Google's main privacy regulator in the European Union has opened an investigation into whether the company complies with EU data protection law regarding its use of personal information in training its generative AI.
Specifically, it is investigating whether the tech giants should have carried out Data Protection Impact Assessments (DPIAs) to proactively consider the risks that AI technology may pose to the rights and freedoms of individuals whose information was used to train their models.
Generative AI tools are notorious for generating plausible-sounding lies. That tendency, combined with their ability to provide personal information on demand, creates significant legal risks for their creators. The Irish Data Protection Commission (DPC), which oversees Google's compliance with the EU's General Data Protection Regulation (GDPR), has the power to impose fines of up to 4% of Alphabet's (Google's parent company) global annual turnover if a violation is found.
Google has developed several generative AI tools, including an entire family of general-purpose large-scale language models (LLMs) branded Gemini (formerly Bard). The company uses the technology to power AI chatbots and also to enhance web search. The foundation of these consumer AI tools is the Google LLM, now called PaLM2, which Google announced at its I/O developer conference last year.
The Irish DPC says it is investigating how Google developed the underlying AI model under Section 110 of the Irish Data Protection Act 2018, which transposed the GDPR into domestic law.
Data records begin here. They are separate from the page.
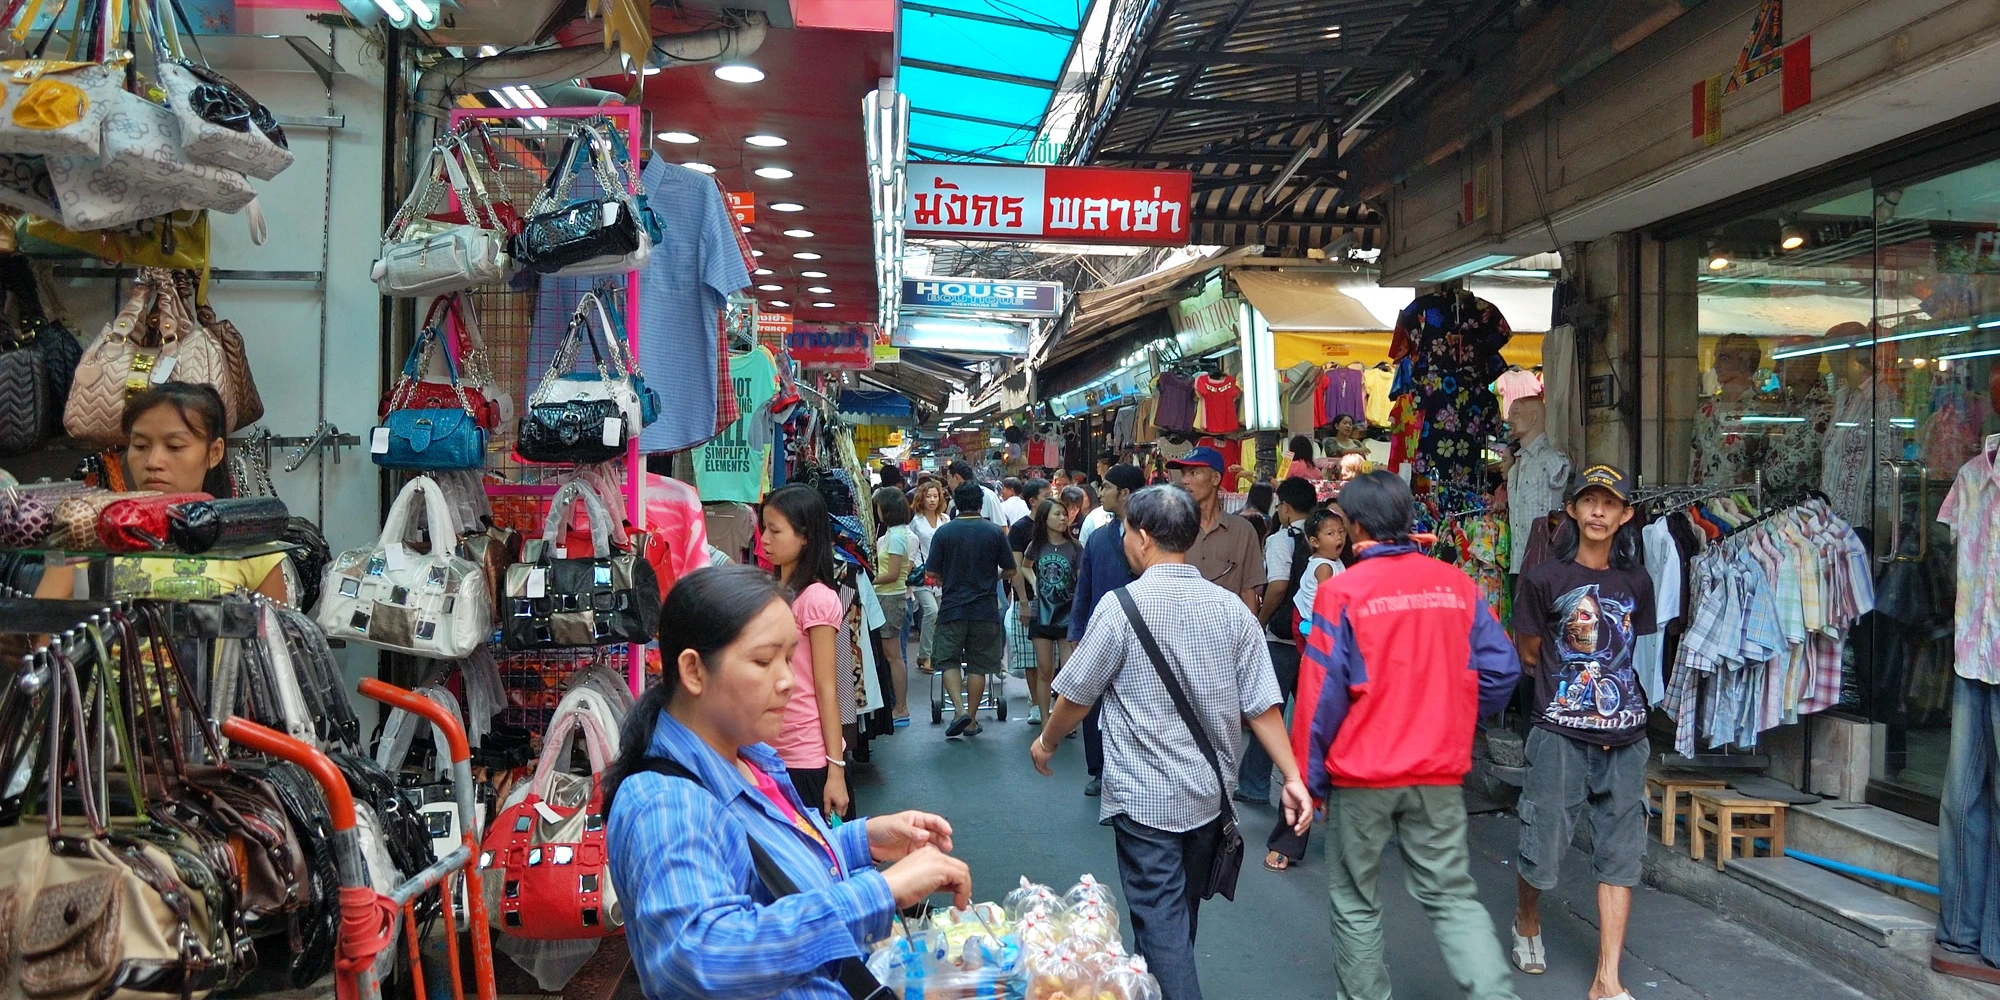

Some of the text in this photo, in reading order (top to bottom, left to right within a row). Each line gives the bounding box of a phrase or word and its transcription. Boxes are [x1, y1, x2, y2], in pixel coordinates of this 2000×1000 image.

[914, 177, 1182, 233] มังกร พลาซ่า
[917, 282, 1037, 299] HOUSE
[927, 293, 1024, 306] BOUTIQUE
[733, 377, 752, 397] OT
[981, 440, 990, 449] 10
[705, 446, 750, 459] SIMPLIFY
[705, 460, 750, 472] ELEMENTS
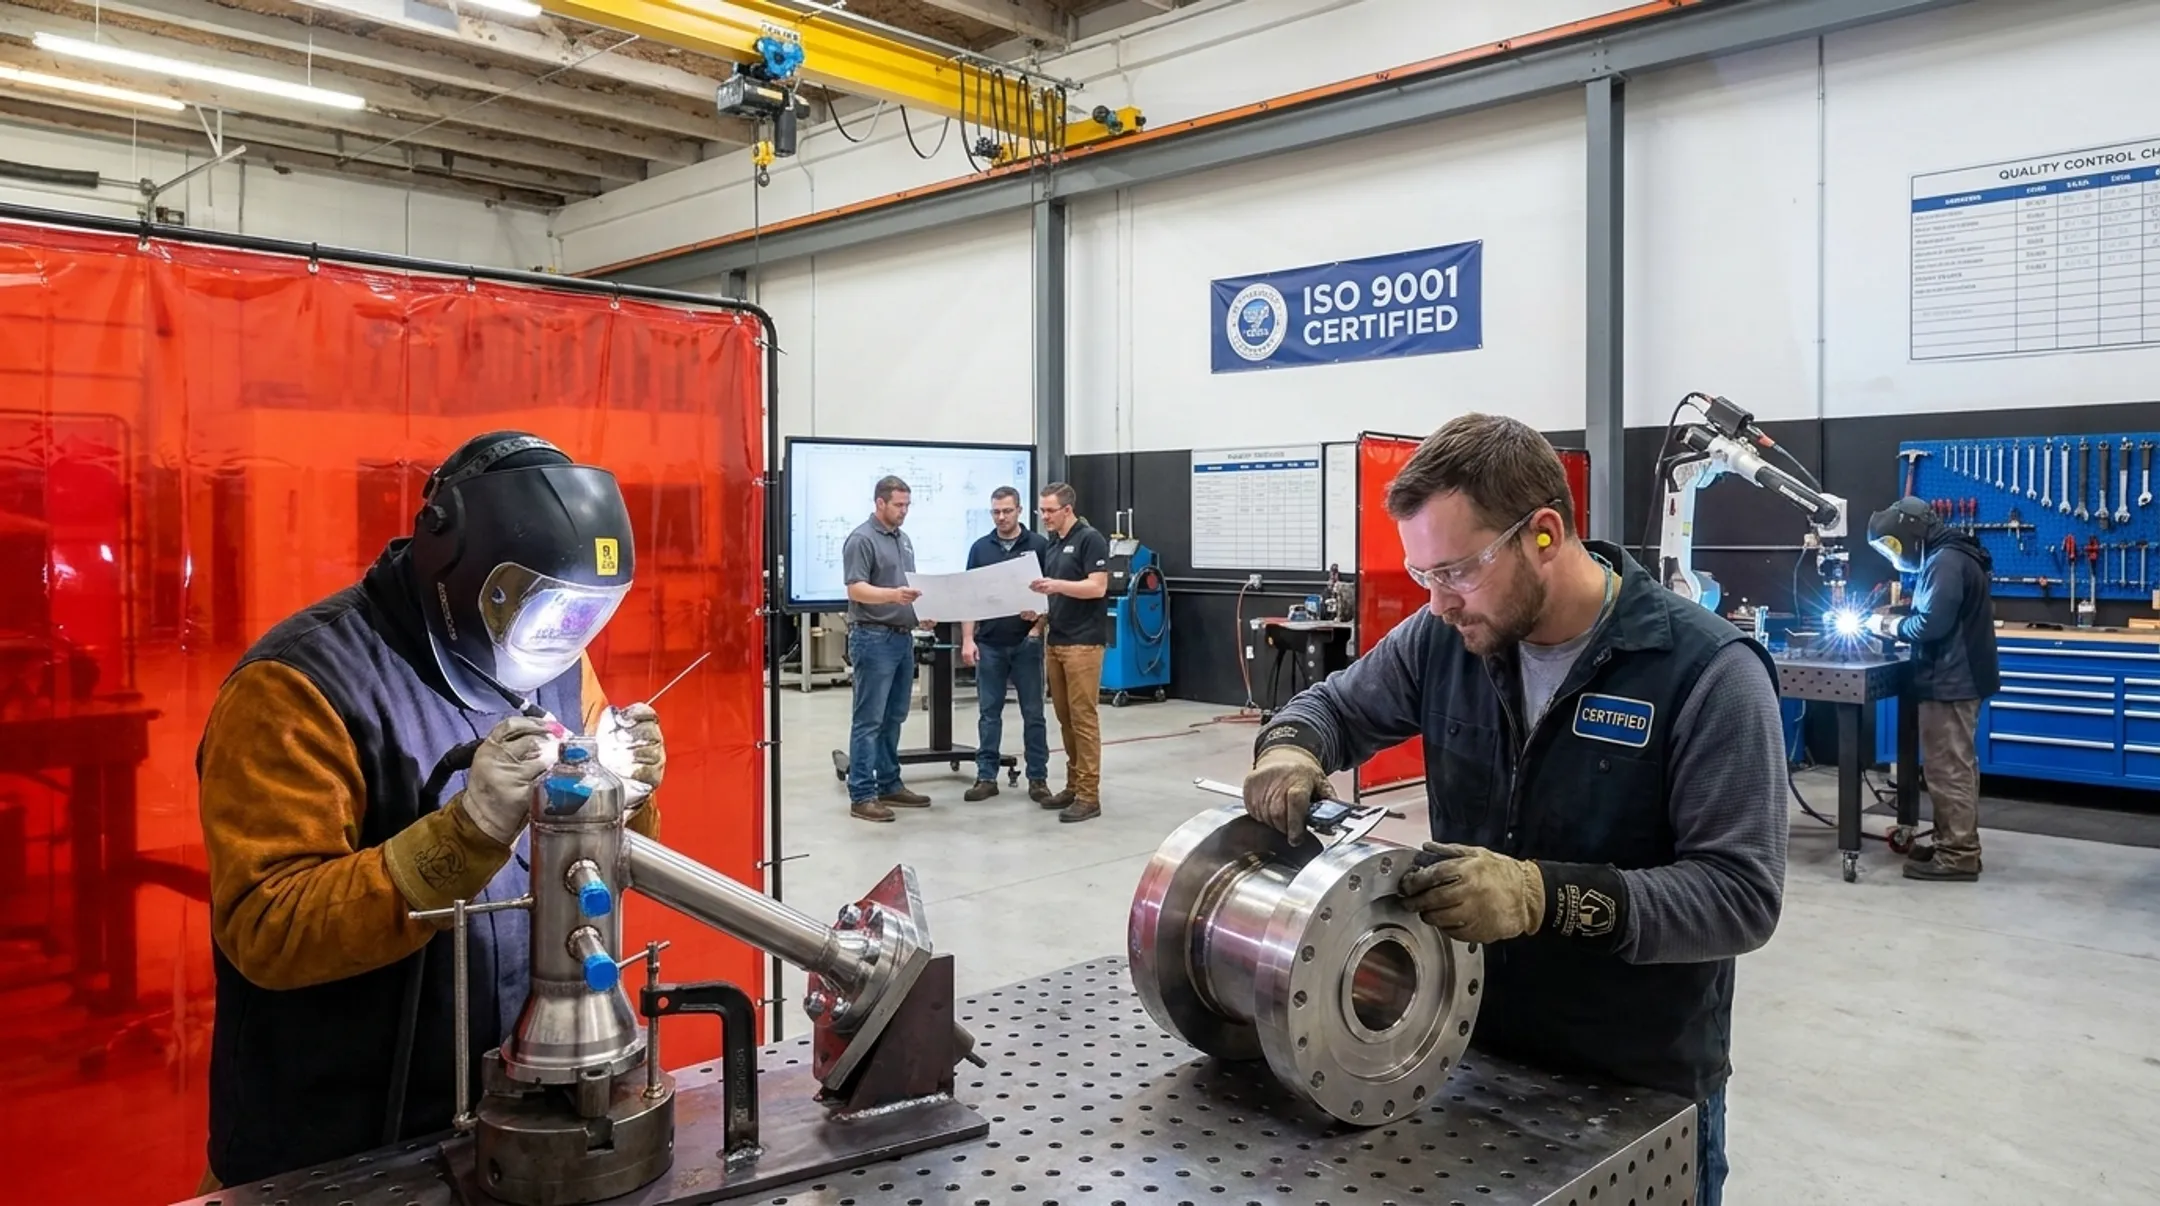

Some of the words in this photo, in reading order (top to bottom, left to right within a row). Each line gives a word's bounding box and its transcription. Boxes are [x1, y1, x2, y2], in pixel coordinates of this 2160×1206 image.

[1999, 161, 2060, 180] QUALITY
[2064, 151, 2136, 171] CONTROL
[1303, 280, 1361, 316] ISO
[1371, 265, 1459, 308] 9001
[1303, 304, 1459, 346] CERTIFIED
[1581, 707, 1647, 730] CERTIFIED
Training GenAI models typically requires vast amounts of data, and the type of information acquired by LLM manufacturers, as well as how and where it is acquired, is coming under increasing scrutiny in relation to a range of legal concerns, including copyright and privacy.
In the latter case, any information used as material for AI training, including personal data of EU people, will be subject to EU data protection regulations, whether it is collected from the public internet or obtained directly from users. As such, many LLMs, including OpenAI, the makers of GPT (and ChatGPT), and Meta, which develops the Llama AI model, are already facing questions related to privacy compliance and the enforcement of the GDPR.
Elon Musk-owned X has also attracted GDPR complaints and the wrath of the DPC for using people's data for AI training, leading to a court case in which X undertook to limit data processing but has not been sanctioned. However, X could face GDPR fines if the DPC finds that X's processing of user data to train its AI tool Grok breaches GDPR.
The DPC’s DPIA investigation into Google’s GenAI is the latest regulatory action in this area.
“The statutory investigation concerns the issue of whether Google complied with its obligation to carry out an assessment pursuant to Article 35 of the General Data Protection Regulation (Data Protection Impact Assessment) before engaging in the processing of personal data of EU/EEA data subjects relevant to the development of its underlying AI model, Pathways Language Model 2 (PaLM 2),” the DPC said in a press release.
It notes that DPIAs can be “crucial in ensuring that the fundamental rights and freedoms of individuals are appropriately considered and protected where the processing of personal data may result in high risks.”
“This statutory investigation is part of the DPC’s wider work in collaboration with the EU/EEA. [European Economic Area] “We need to cooperate with our EU counterparts in regulating the processing of personal data of EU/EEA data subjects in the development of AI models and systems,” the DPC added, noting ongoing efforts by the EU's network of GDPR enforcement authorities to reach some consensus on how to most effectively apply privacy law to GenAI tools.
Google has been contacted for a response to the DPC's queries.